|
|
|
|
|
|
by dekhn
1328 days ago
|
|
|
Hi Avery. I think we may have chatted when I worked at Google (you can figure out my username pretty easily). To be honest I can't evaluate your product at work- to determine whether it helps our users and whether the idea of moving more of the network stack into the application makes sense- because my corporation (a large multinational pharma) disallows us from visiting the entire tailscale website because you sell a VPN product(!) which isn't our standard one. I'd love to change that policy but I'd still want to move to a BeyondCorp world (https w/ auth), not put a VPN in my browser.

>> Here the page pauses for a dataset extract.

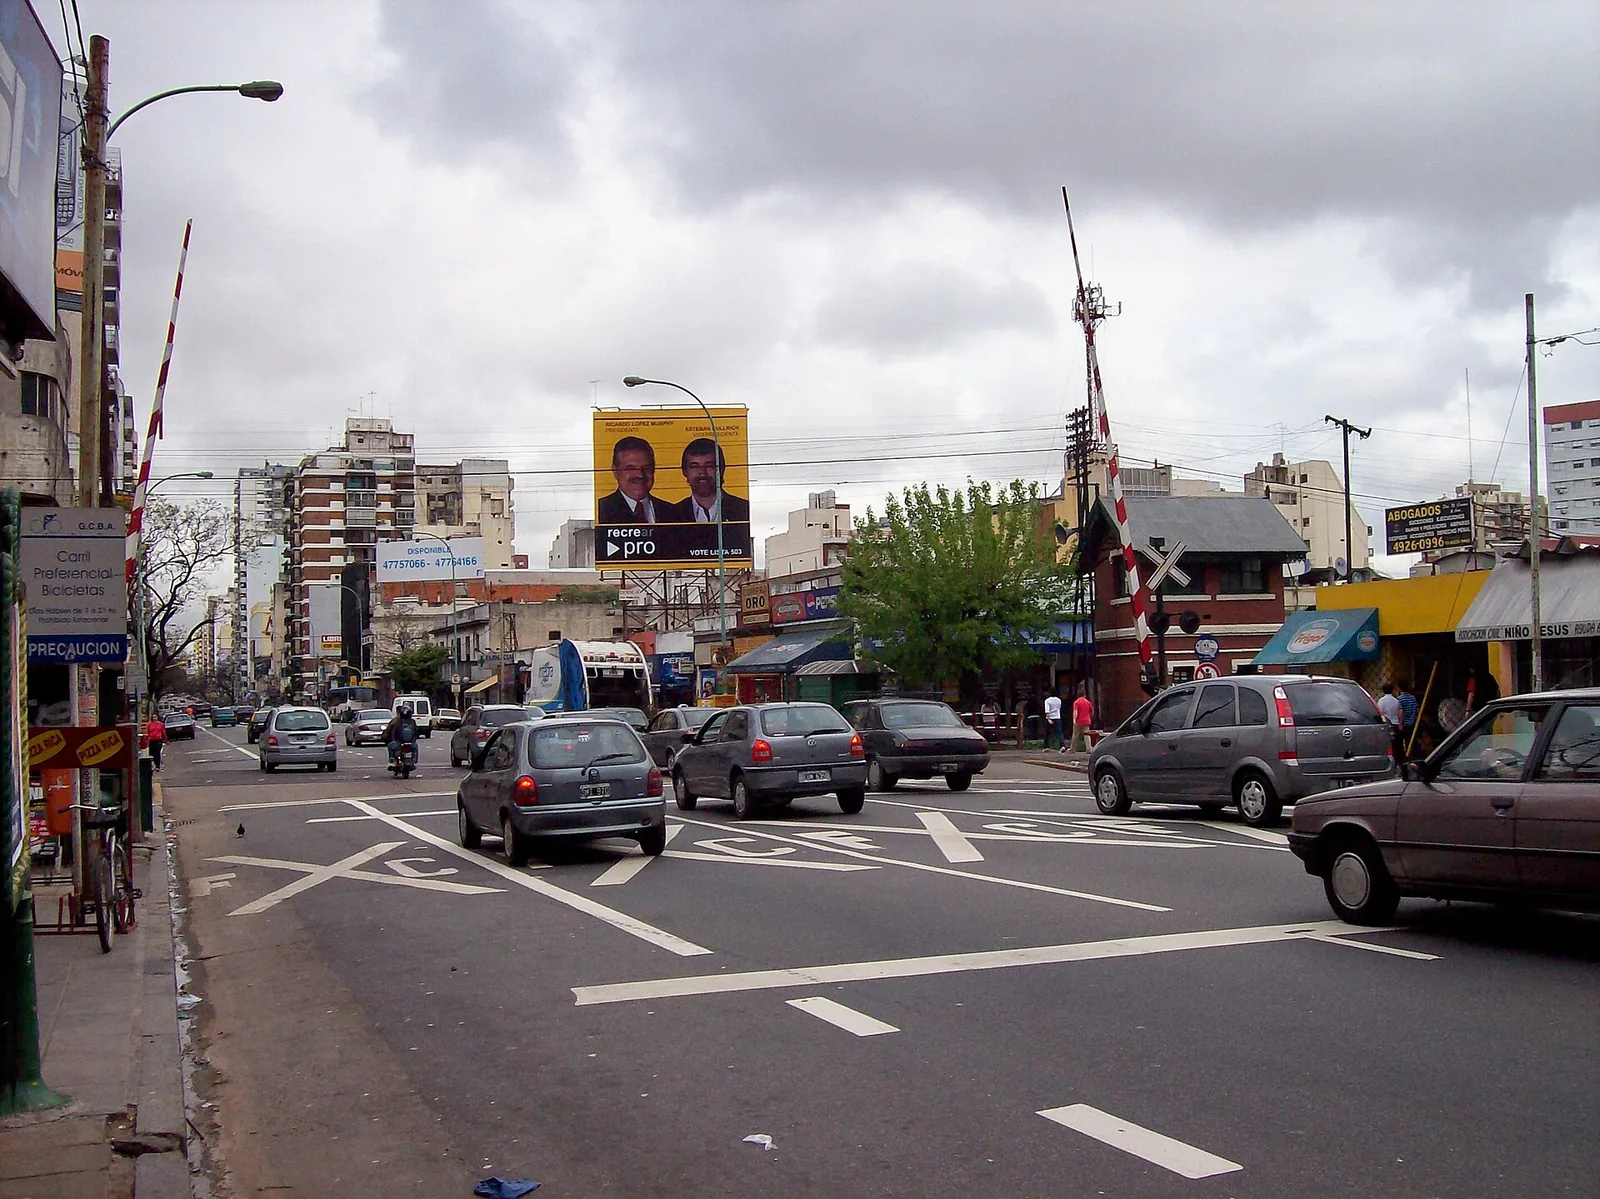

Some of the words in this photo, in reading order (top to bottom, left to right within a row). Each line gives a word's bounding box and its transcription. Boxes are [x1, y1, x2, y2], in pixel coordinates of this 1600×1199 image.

Or make Tailscale our standard VPN. I see the point of "it's really handy". That's how we got Javascript which is a cost we now all have to pay. |
|
|
Tailscale is not a typical VPN; it's just a system that attempts to provide beyondcorp-like behaviour at a lower level of the stack, so that you don't have to rewrite all your apps (ssh in this case!) to use https, and don't have to have open ports in your firewall, and don't have to run everything through the cloud if you don't want.
As in my post above, there's more than one way to do it. You can also build traditional-beyondcorp-over-https on top of a Tailscale network, so you get all the improved network connectivity and also all the benefits of a "pure" beyondcorp architecture.